In working in the sex industry, Ali wants to show that Muslim women are sexual beings, too. "I take my faith and my culture with me," she said. "Your faith has nothing to do with what you do for work." In some of her films, she very intentionally wears a hijab.

"Wearing the hijab and fucking on camera is showing it's OK—it's the norm," she said. She says that Pakistan interpreted this as an offense to the hijab itself, as if she rejects it, though Ali says that was not her intent. "I was trying to open up a platform for Middle Eastern women to know that it's OK to masturbate, to be open to your sexuality."

Though wearing the hijab is perhaps her most showy political act, Ali told me that there are many other political scenes in her pornography as well. In one film, she speaks as a teacher to her class. Just before the male students gang bang her, they ask what her sex life is like as a Muslim woman. "Our husbands get to have sex with four other wives," she explains to the group. "So while he gets other pussy, you just have to be loyal to him?" one man asks incredulously. "Yeah, and I can't get other dicks," Ali answers.

"I am a practicing Muslim," Ali told me, the lights swirling overhead as more men milled through the club. "What you do is not who you are. I pray in the morning, and I'm an exotic dancer at night." She said that for many people, these two parts of herself cannot coexist, that they're indicative of her flawed character. She says they believe she's "trying to be pure, but then I'm the black sheep."

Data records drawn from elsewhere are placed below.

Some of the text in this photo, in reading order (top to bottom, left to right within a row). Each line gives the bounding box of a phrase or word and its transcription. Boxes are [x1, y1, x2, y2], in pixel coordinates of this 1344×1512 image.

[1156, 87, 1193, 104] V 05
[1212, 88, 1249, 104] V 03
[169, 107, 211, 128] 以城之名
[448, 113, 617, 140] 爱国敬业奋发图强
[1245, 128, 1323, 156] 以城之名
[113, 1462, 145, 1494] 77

"It affects them more than it affects me," she said. "My belief has nothing to do with my sexuality. It's more of a conflict for the audience than it is for me."

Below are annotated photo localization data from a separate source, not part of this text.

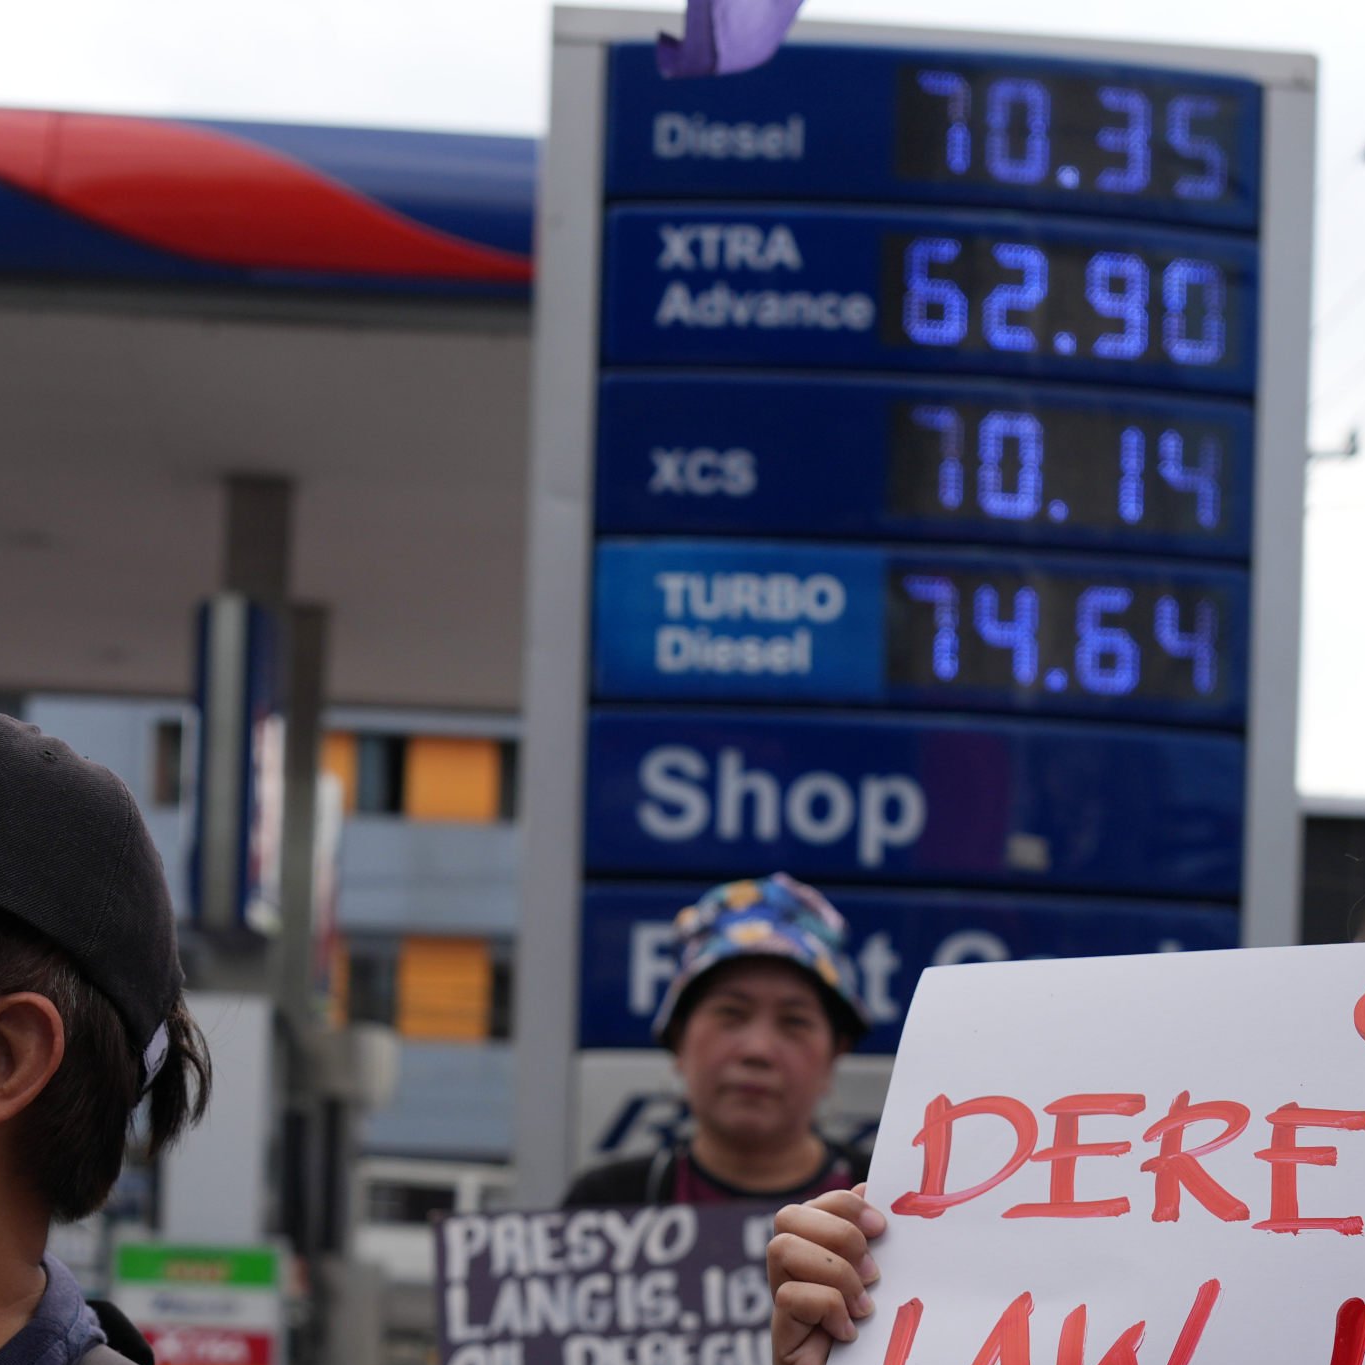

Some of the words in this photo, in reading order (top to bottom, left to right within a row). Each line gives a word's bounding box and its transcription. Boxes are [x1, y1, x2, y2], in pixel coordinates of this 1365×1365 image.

[654, 113, 805, 160] Diesel
[914, 69, 1229, 200] 70.35
[657, 225, 803, 271] XTRA
[655, 283, 876, 331] Advance
[903, 237, 1227, 366] 62.90
[648, 450, 758, 496] XCS
[910, 406, 1222, 529] 70.14
[656, 572, 846, 622] TURBO
[656, 627, 813, 676] Diesel
[903, 575, 1220, 696] 74.64
[637, 744, 927, 868] Shop
[443, 1206, 698, 1280] PRESYO

The scorn of strangers is one thing, but how have Ali's family and friends responded to her career? "Just like anyone's parents' [reaction would be], my parents' first reaction was a heart attack," Ali said. But now they have become very supportive of the political message their daughter is sending. (Though, of course, they still don't want Ali to be in porn.)

As it neared one o'clock in the morning, dancers and men congregated around the room, and one older man took a seat firmly against the stage, staring forward, awaiting Ali's debut. She had never been a featured dancer before; this, she felt, was an historic moment. The music changed, and Ali was beckoned backstage—it was time to prepare for her performance.

"I lost a lot of my friends," she told me as she stood up from her seat. "When they found out I was viral in the media, they didn't want to be friends with me." Her friends, Ali says, told her that she didn't respect herself and they couldn't take her seriously, even going so far as to make remarks about her to her family.

"It felt upsetting," Ali said. "They felt as if I don't know myself. I do know myself, and I'm trying to relate to other women. I just want women to be as equal as men."